__THE DATA__.
==============================
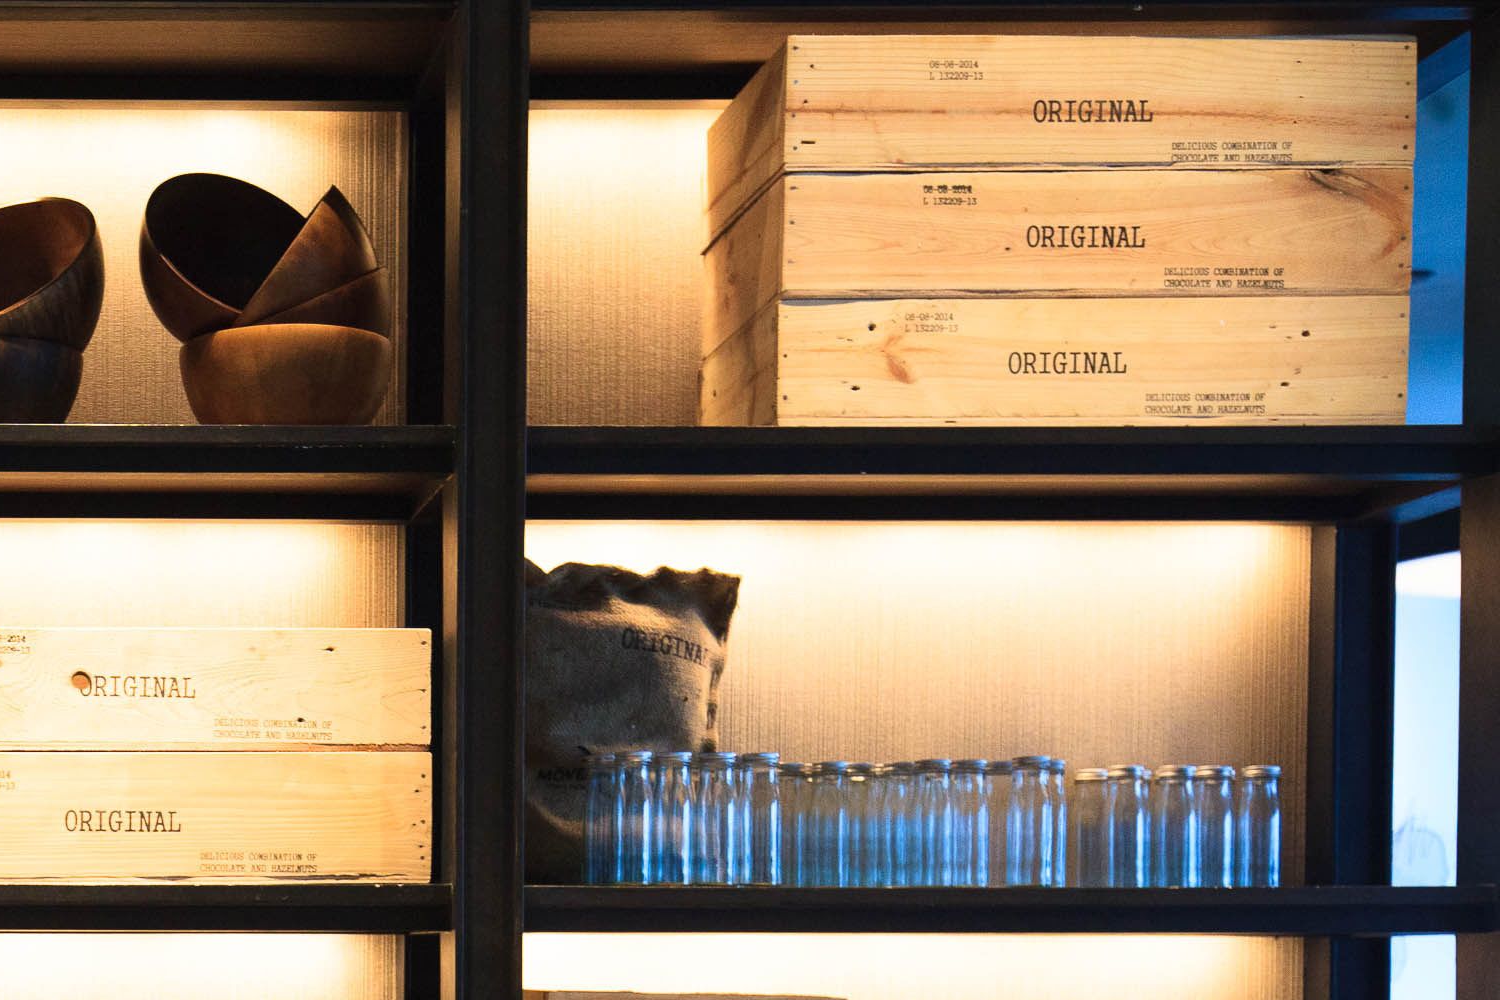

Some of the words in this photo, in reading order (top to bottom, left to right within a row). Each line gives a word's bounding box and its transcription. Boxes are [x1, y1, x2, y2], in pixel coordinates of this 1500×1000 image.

[1033, 99, 1154, 123] ORIGINAL
[1171, 142, 1217, 150] DELICIOUS
[1221, 142, 1277, 150] COMBINATION
[1282, 142, 1293, 150] OF
[1171, 153, 1219, 161] CHOCOLATE
[1224, 153, 1240, 161] AND
[1244, 153, 1293, 161] HAZELNUTS
[1026, 225, 1146, 248] ORIGINAL
[1164, 267, 1209, 276] DELICIOUS
[1213, 267, 1269, 276] COMBINATION
[1273, 267, 1284, 276] OF
[1164, 279, 1211, 288] CHOCOLATE
[1216, 279, 1232, 288] AND
[1237, 279, 1284, 288] HAZELNUTS
[1008, 351, 1127, 374] ORIGINAL
[1145, 393, 1190, 401] DELICIOUS
[1195, 393, 1250, 401] COMBINATION
[1255, 393, 1266, 401] OF
[1145, 405, 1192, 414] CHOCOLATE
[1197, 405, 1213, 414] AND
[1218, 405, 1266, 414] HAZELNUTS
[622, 628, 709, 667] ORIGINA
[65, 810, 181, 832] ORIGINAL
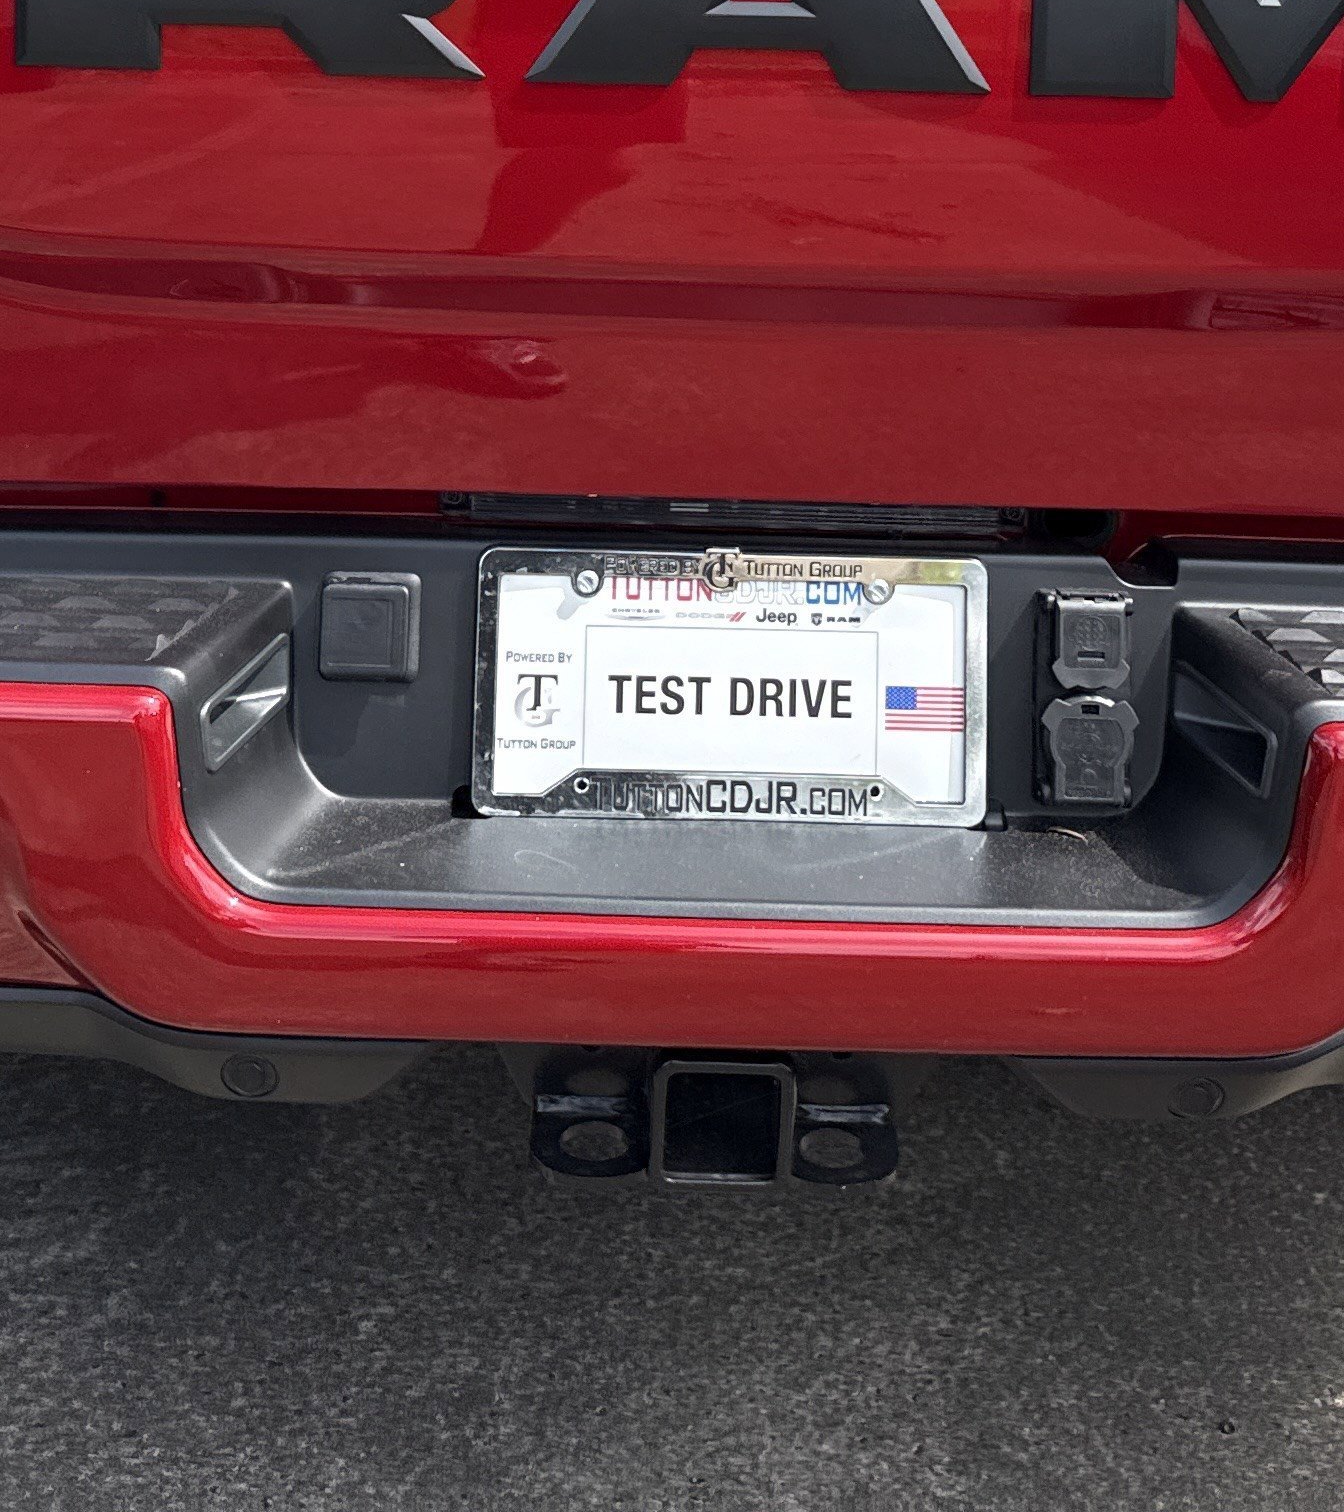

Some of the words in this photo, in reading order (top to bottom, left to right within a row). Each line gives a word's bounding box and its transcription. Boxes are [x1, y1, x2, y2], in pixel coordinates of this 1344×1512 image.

[743, 559, 803, 577] TUTTON
[809, 561, 862, 578] GROUP
[756, 608, 797, 626] Jeep
[506, 650, 555, 663] POWERED
[608, 675, 712, 715] TEST
[730, 678, 853, 719] DRIVE
[497, 737, 538, 749] TUTTON
[540, 738, 577, 750] GROUP
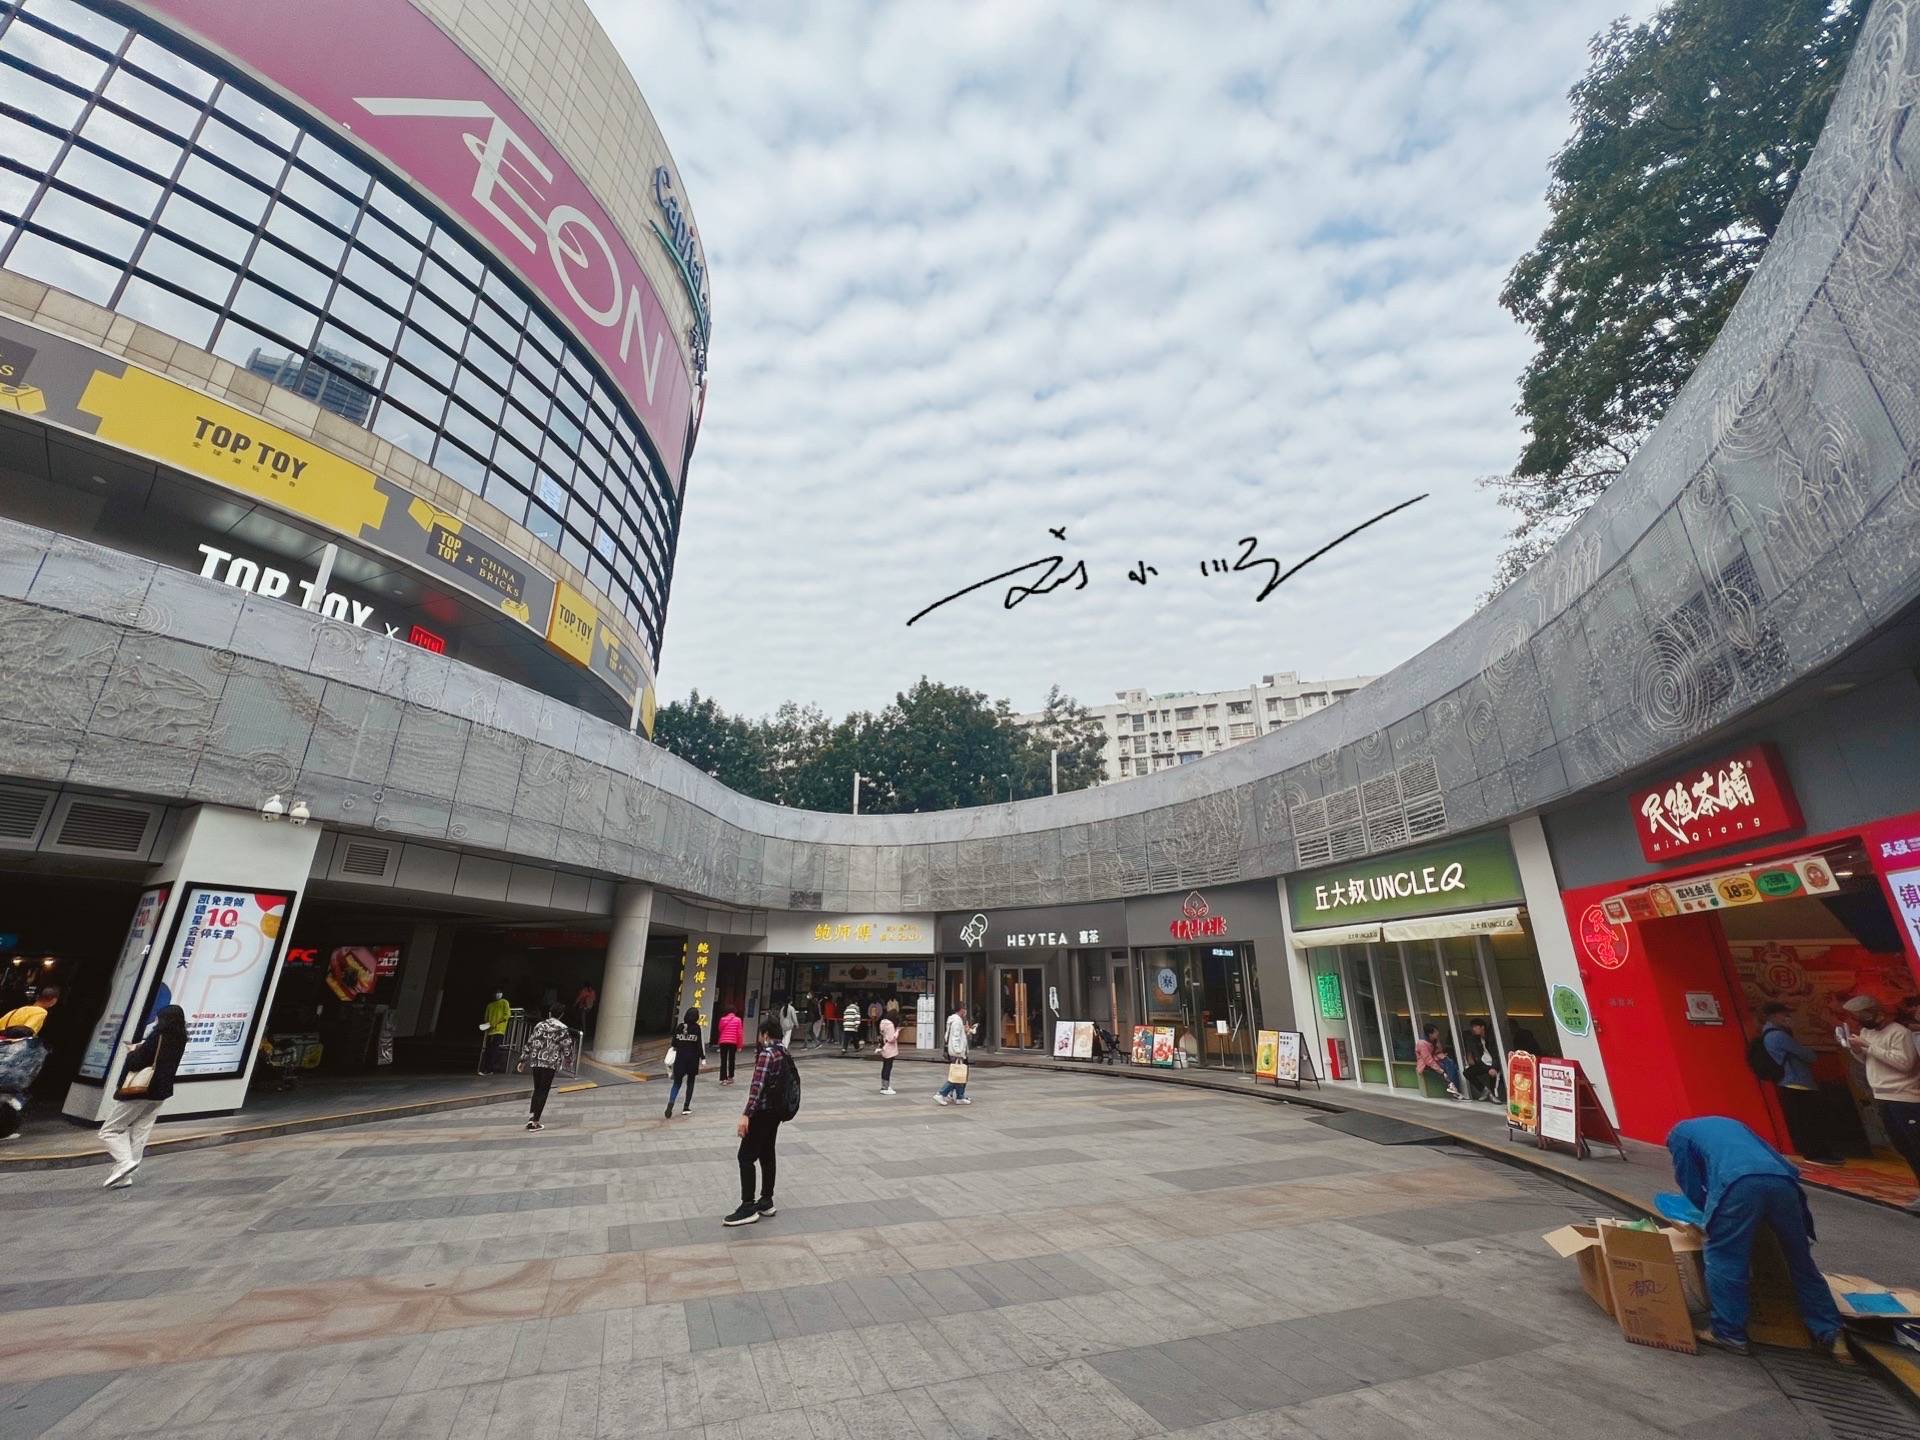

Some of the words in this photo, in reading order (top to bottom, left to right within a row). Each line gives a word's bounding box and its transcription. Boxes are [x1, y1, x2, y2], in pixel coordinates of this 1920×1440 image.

[352, 97, 664, 406] AEON
[195, 416, 251, 453] TOP
[258, 442, 308, 480] TOY
[437, 543, 459, 563] TOY
[440, 531, 461, 550] TOP
[198, 543, 290, 598] TOP
[479, 568, 519, 597] BRICKS
[481, 557, 515, 583] CHINA
[560, 603, 576, 626] TOP
[577, 617, 592, 640] TOY
[1315, 878, 1368, 911] 丘大叔
[207, 908, 239, 928] 10
[814, 922, 872, 943] 鲍师傅
[1007, 932, 1068, 947] HEYTEA
[1079, 929, 1099, 944] 喜茶
[694, 943, 710, 983] 鲍师傅
==============================
__TASK BRIEF__.
Only an exact, picture-free copy of the entries counts as the answer.

__TASK OUTPUT__.
Some of the words in this photo, in reading order (top to bottom, left to right within a row). Each line gives a word's bounding box and its transcription. Boxes are [x1, y1, x2, y2], in pixel coordinates of this 1500×1000 image.

[1033, 99, 1154, 123] ORIGINAL
[1171, 142, 1217, 150] DELICIOUS
[1221, 142, 1277, 150] COMBINATION
[1282, 142, 1293, 150] OF
[1171, 153, 1219, 161] CHOCOLATE
[1224, 153, 1240, 161] AND
[1244, 153, 1293, 161] HAZELNUTS
[1026, 225, 1146, 248] ORIGINAL
[1164, 267, 1209, 276] DELICIOUS
[1213, 267, 1269, 276] COMBINATION
[1273, 267, 1284, 276] OF
[1164, 279, 1211, 288] CHOCOLATE
[1216, 279, 1232, 288] AND
[1237, 279, 1284, 288] HAZELNUTS
[1008, 351, 1127, 374] ORIGINAL
[1145, 393, 1190, 401] DELICIOUS
[1195, 393, 1250, 401] COMBINATION
[1255, 393, 1266, 401] OF
[1145, 405, 1192, 414] CHOCOLATE
[1197, 405, 1213, 414] AND
[1218, 405, 1266, 414] HAZELNUTS
[622, 628, 709, 667] ORIGINA
[65, 810, 181, 832] ORIGINAL

Some of the words in this photo, in reading order (top to bottom, left to right within a row). Each line gives a word's bounding box and its transcription. Boxes are [x1, y1, x2, y2], in pixel coordinates of this 1344×1512 image.

[743, 559, 803, 577] TUTTON
[809, 561, 862, 578] GROUP
[756, 608, 797, 626] Jeep
[506, 650, 555, 663] POWERED
[608, 675, 712, 715] TEST
[730, 678, 853, 719] DRIVE
[497, 737, 538, 749] TUTTON
[540, 738, 577, 750] GROUP

Some of the words in this photo, in reading order (top to bottom, left to right within a row). Each line gives a word's bounding box and its transcription. Boxes are [x1, y1, x2, y2], in pixel coordinates of this 1920×1440 image.

[352, 97, 664, 406] AEON
[195, 416, 251, 453] TOP
[258, 442, 308, 480] TOY
[437, 543, 459, 563] TOY
[440, 531, 461, 550] TOP
[198, 543, 290, 598] TOP
[479, 568, 519, 597] BRICKS
[481, 557, 515, 583] CHINA
[560, 603, 576, 626] TOP
[577, 617, 592, 640] TOY
[1315, 878, 1368, 911] 丘大叔
[207, 908, 239, 928] 10
[814, 922, 872, 943] 鲍师傅
[1007, 932, 1068, 947] HEYTEA
[1079, 929, 1099, 944] 喜茶
[694, 943, 710, 983] 鲍师傅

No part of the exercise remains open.